■ **What is being asked**: Reproduce all the entries exactly and keep the pictures out.

■ **Phrase grounding data**:
========================================================================
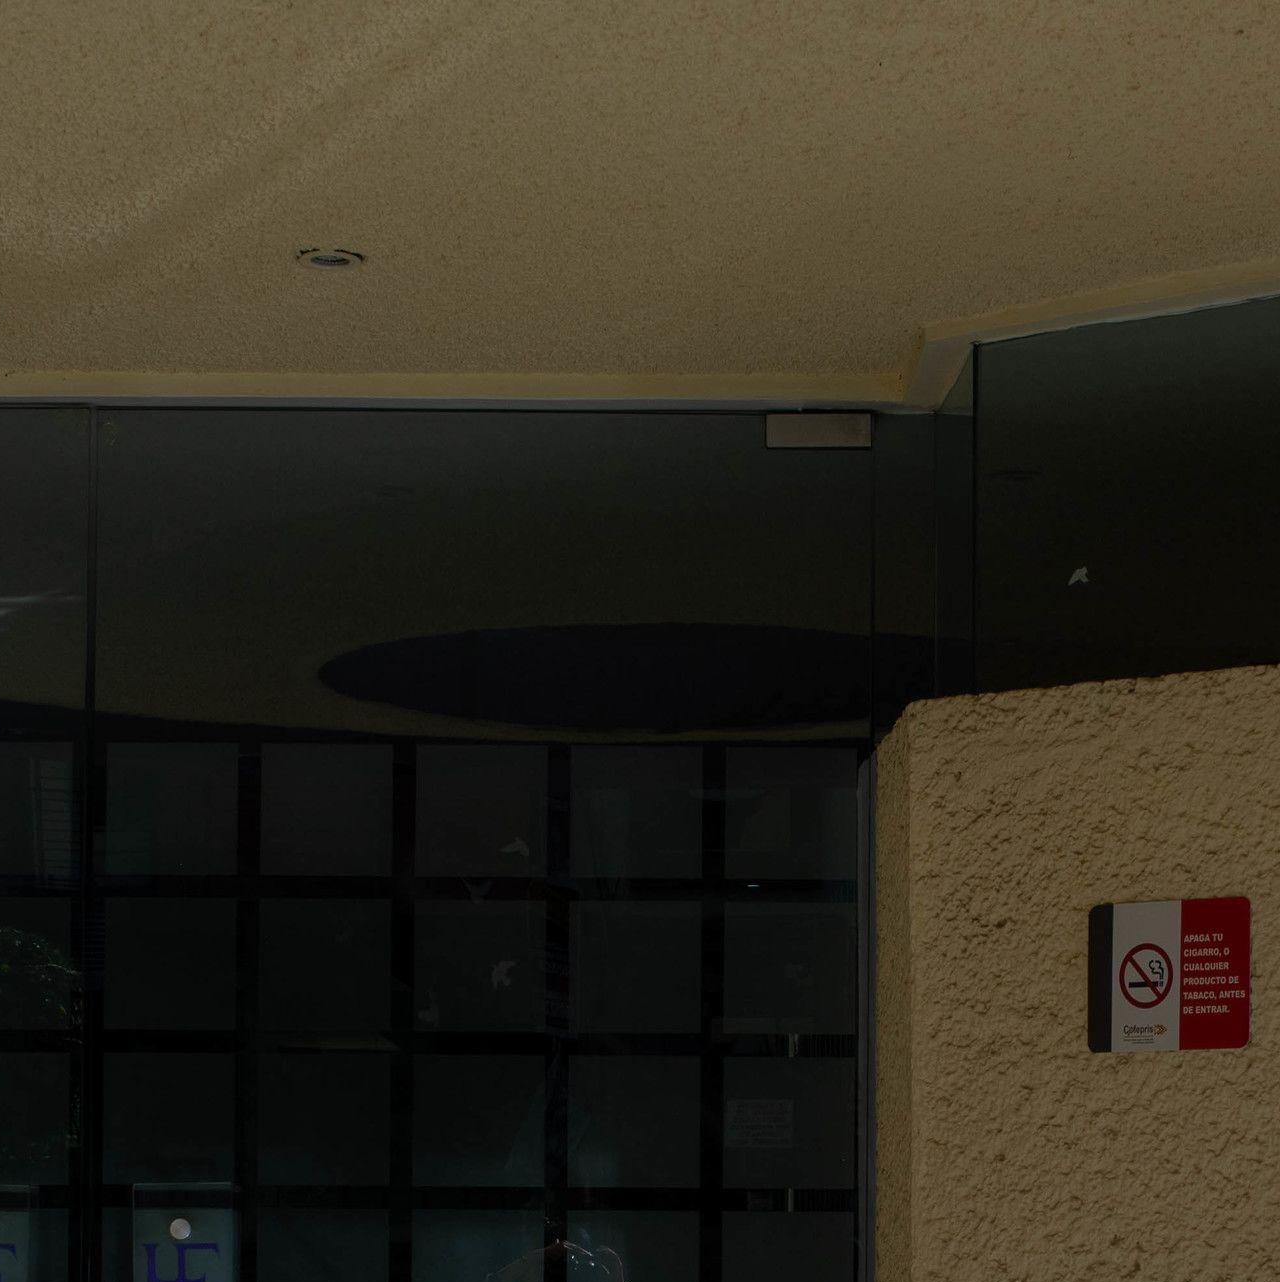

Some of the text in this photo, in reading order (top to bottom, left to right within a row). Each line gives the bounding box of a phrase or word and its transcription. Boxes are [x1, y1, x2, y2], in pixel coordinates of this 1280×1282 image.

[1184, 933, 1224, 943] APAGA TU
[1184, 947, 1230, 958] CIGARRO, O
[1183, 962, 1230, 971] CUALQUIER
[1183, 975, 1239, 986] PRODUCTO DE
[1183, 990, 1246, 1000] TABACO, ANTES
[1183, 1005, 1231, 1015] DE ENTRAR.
========================================================================
■ **Result of this task**:
Some of the text in this photo, in reading order (top to bottom, left to right within a row). Each line gives the bounding box of a phrase or word and its transcription. Boxes are [x1, y1, x2, y2], in pixel coordinates of this 1280×1282 image.

[1184, 933, 1224, 943] APAGA TU
[1184, 947, 1230, 958] CIGARRO, O
[1183, 962, 1230, 971] CUALQUIER
[1183, 975, 1239, 986] PRODUCTO DE
[1183, 990, 1246, 1000] TABACO, ANTES
[1183, 1005, 1231, 1015] DE ENTRAR.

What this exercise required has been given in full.